As it was shown in the specialized literature, the unitary system of administration of a


joint-stock company is liable to criticism, having in view the increased role of the administration
council in the detriment of the general meeting ( formally, the supreme authority ). So, both the
management and administration function on one hand and the control function on the other, are
held by the same authority.
In these conditions, the monistic system of management and administration tends to be
replaced by the dualistic system, the latter being more modern and implying a board of directors
and a monitoring council.

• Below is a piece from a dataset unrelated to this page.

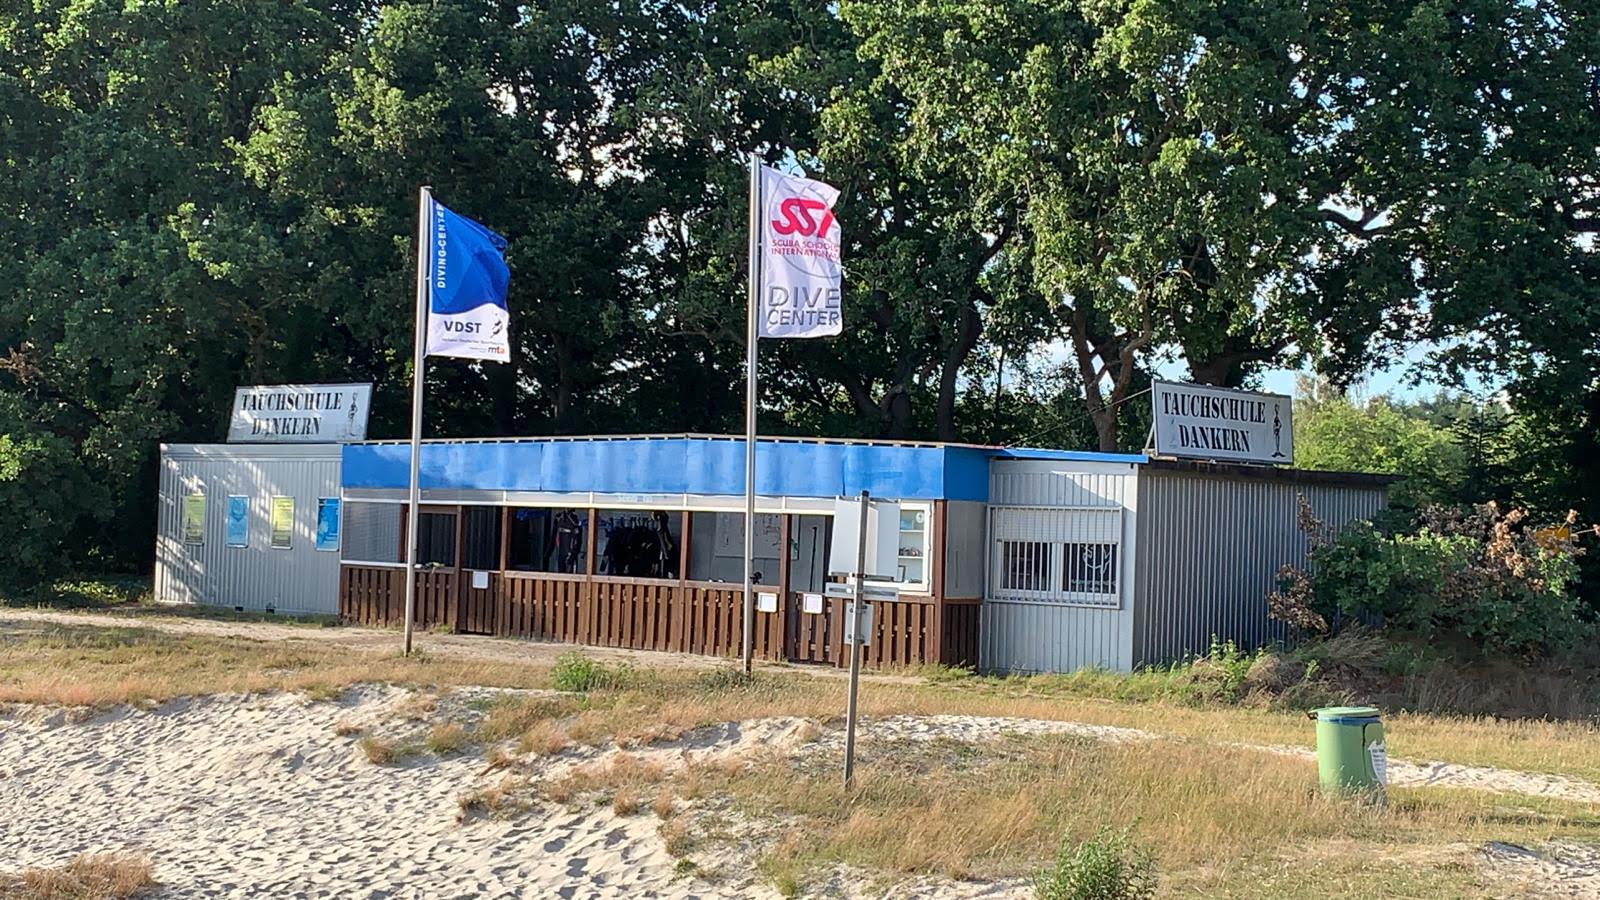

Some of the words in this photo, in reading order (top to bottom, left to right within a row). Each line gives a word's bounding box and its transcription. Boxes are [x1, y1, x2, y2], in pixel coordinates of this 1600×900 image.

The dualistic system has its origins in the German Law, the
management of the company being shared between the directors ( Vorstad ) and the supervision
council ( Aufschtsstrat ). The German System was adopted also by the French legal practice, but
in parallel with the classic system, the joint – stock companies having the possibility of option
between the two types of administration.
Much in the spirit of the French legislation, the Romanian legislator introduced ( by
means of Law 441/2006 ) the possibility of administrating the joint-stock company in a dualistic
system, maintaining, at the same time the classical unitary system, so that any joint-stock
company can make its choice between the two.
As we have already mentioned, in France the dualistic system did not enjoy the expected
succes. On the 1st January 1992 the joint-stock companies administrated by a board of directors
and a monitoring council amounted to only 1,62%.
Practice will show if this system will have a similar reception in Romania as well, or
whether it will be largely adopted by the joint-stock companies. The force of tradition will
represent an important obstacle in the implementation of the dualistic system. It is probable that
only the large joint-stock companies and the vanguardists will be tempted to implement the
dualistic system of administration of the joint-stock companies ( this estimation being valid both
for the companies that are going to be founded and especially for the old ones ).